O2‐sensing in immortalized rat adrenomedullary chromaffin (MAH) cells: Role of mitochondria and ROS signaling

Hypoxia‐induced catecholamine (CA) release from neonatal adrenomedullary chromaffin cells (AMC) is critical during the adaptation of the newborn to extrauterine life and is facilitated by inhibition of O2−sensitive K+ channels. Using a surrogate model based on a v‐myc immortalized adrenal chromaffin cell line (i.e. MAH cells), which shares several O2 sensing properties with neonatal AMC, we tested the hypothesis that mitochondrial function and changes in reactive oxygen species (ROS) were involved in O2 sensing.

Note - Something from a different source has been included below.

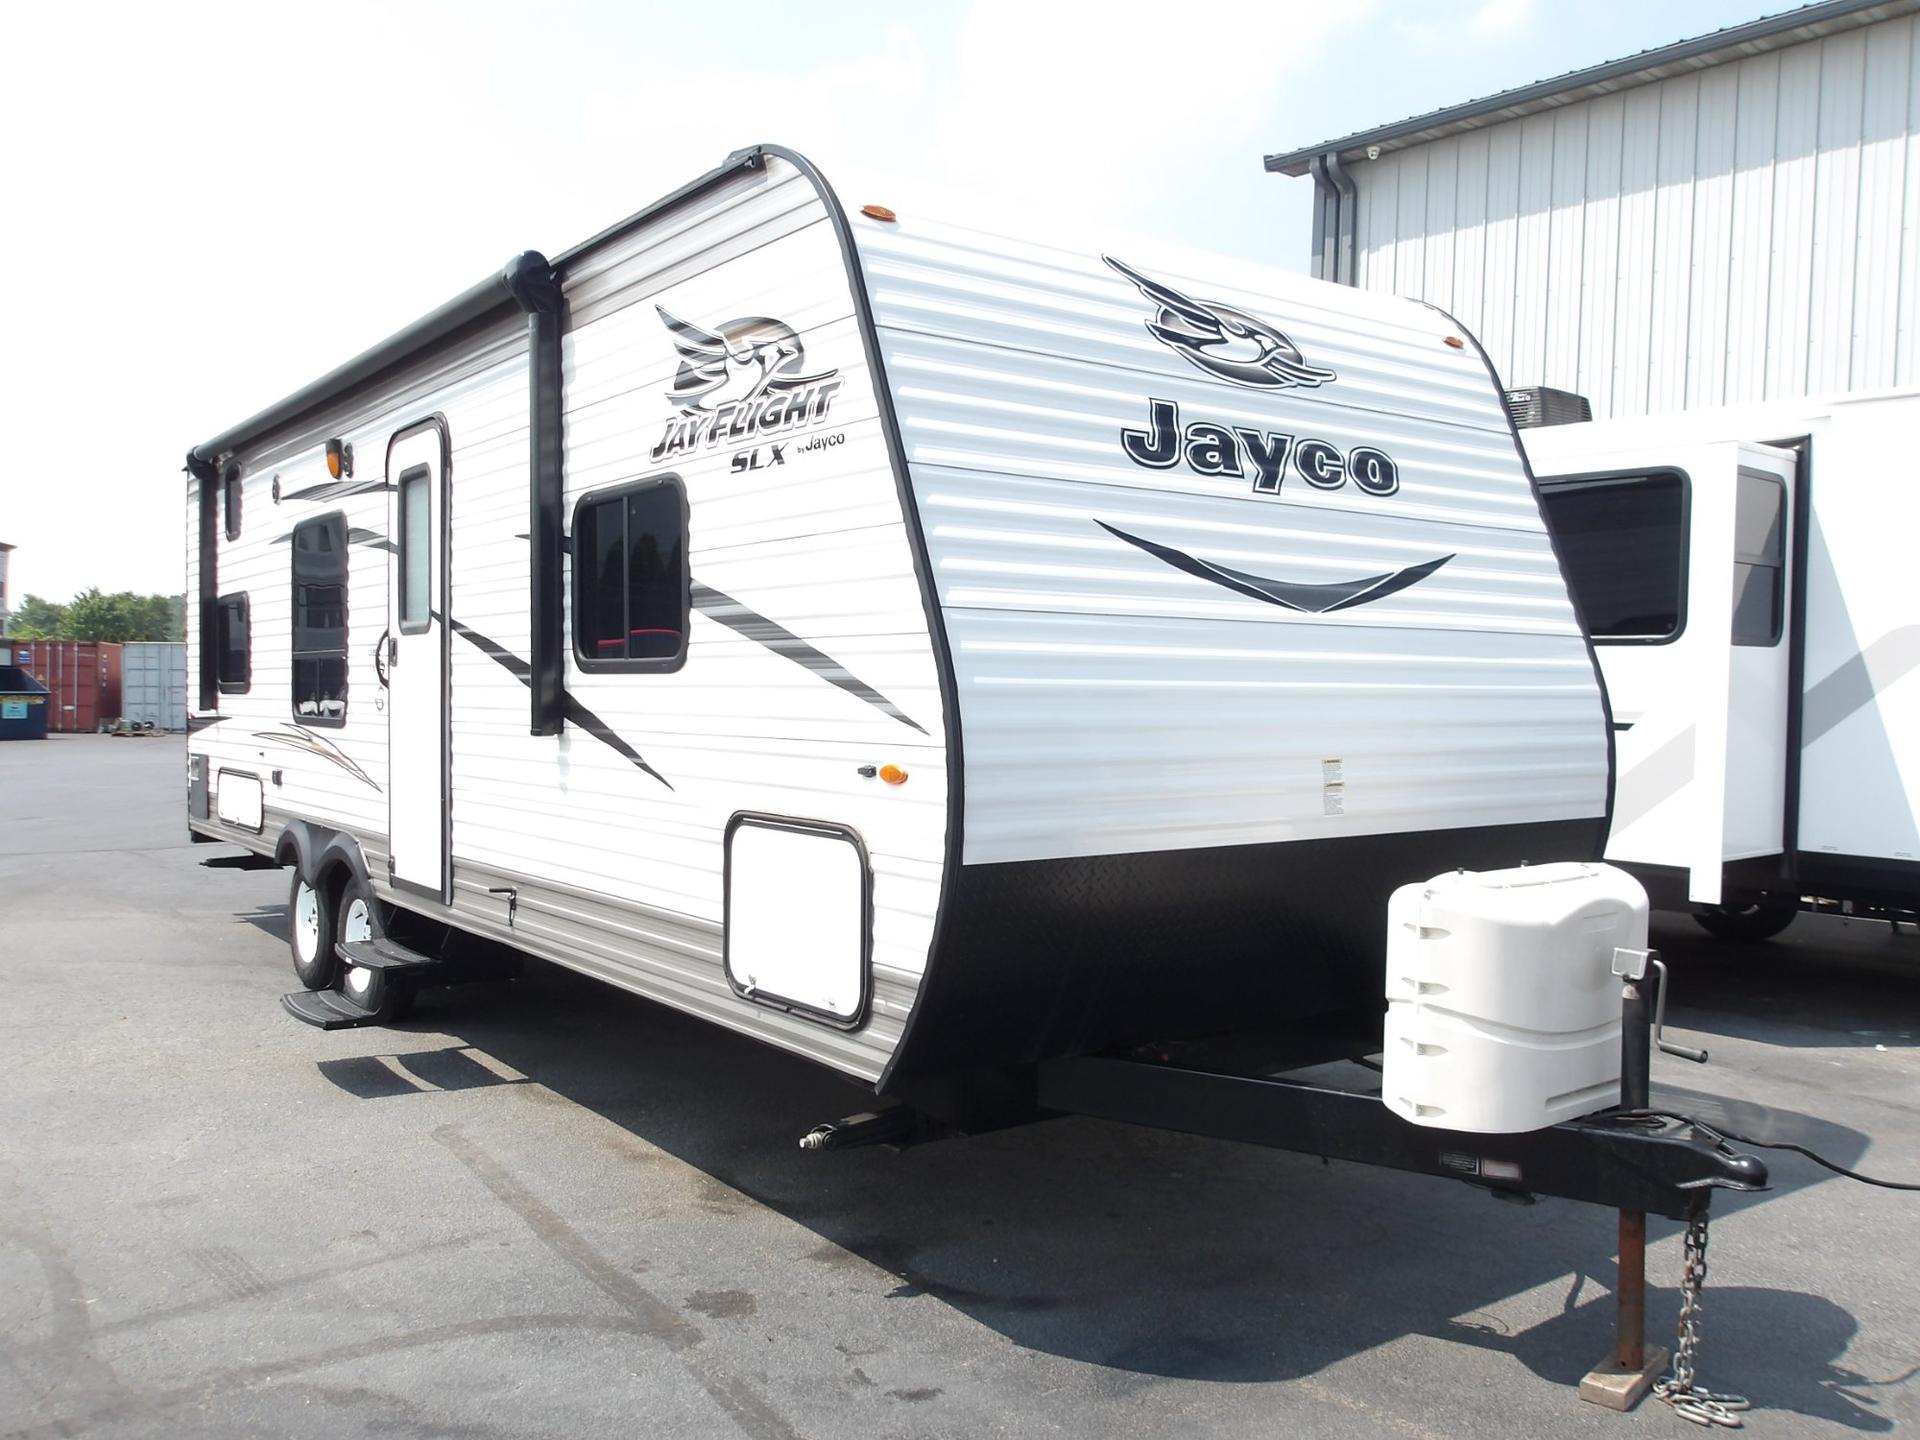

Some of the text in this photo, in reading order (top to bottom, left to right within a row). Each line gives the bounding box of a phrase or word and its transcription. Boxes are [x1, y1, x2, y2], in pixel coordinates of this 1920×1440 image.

[731, 442, 789, 474] SLX
[797, 433, 845, 455] by Jayco
[1121, 397, 1400, 497] Jayco

In these studies we used whole‐cell recordings to monitor outward K+ currents, the chemiluminescence probe luminol to detect ROS levels, luciferin‐luciferase chemiluminescence to detect extracellular ATP (co‐released with CA), and ratiometric fura‐2 measurements to monitor changes in intracellular Ca2+. In MAH cells, hypoxia (PO2 ~ 20 mmHg) caused an inhibition of outward K+ current, an increase in intracellular Ca2+ and ATP release (that was cadmium sensitive), and a decrease in ROS levels during ~3 min exposure. Rotenone (1 μM), a blocker of mitochondrial complex I, decreased ROS and increased ATP release in MAH cells; interestingly, the combined effects of rotenone and hypoxia were non‐additive. The ROS scavenger N‐acetyl‐cysteine (50 μM) caused the expected decrease in ROS, and moreover, inhibited outward K+ current and stimulated ATP release. Interestingly, mitochondrial‐deficient or ρ0 MAH cells (generated by the ethidium bromide technique) lacked hypoxic sensitivity, though K+ currents appeared normal and secretory responses to high [K+] remained intact. These data suggest that functional mitochondria and ROS signaling play critical roles in the hypoxic sensitivity of adrenal chromaffin cells. Supported by Heart and Stroke Foundation of Ontario.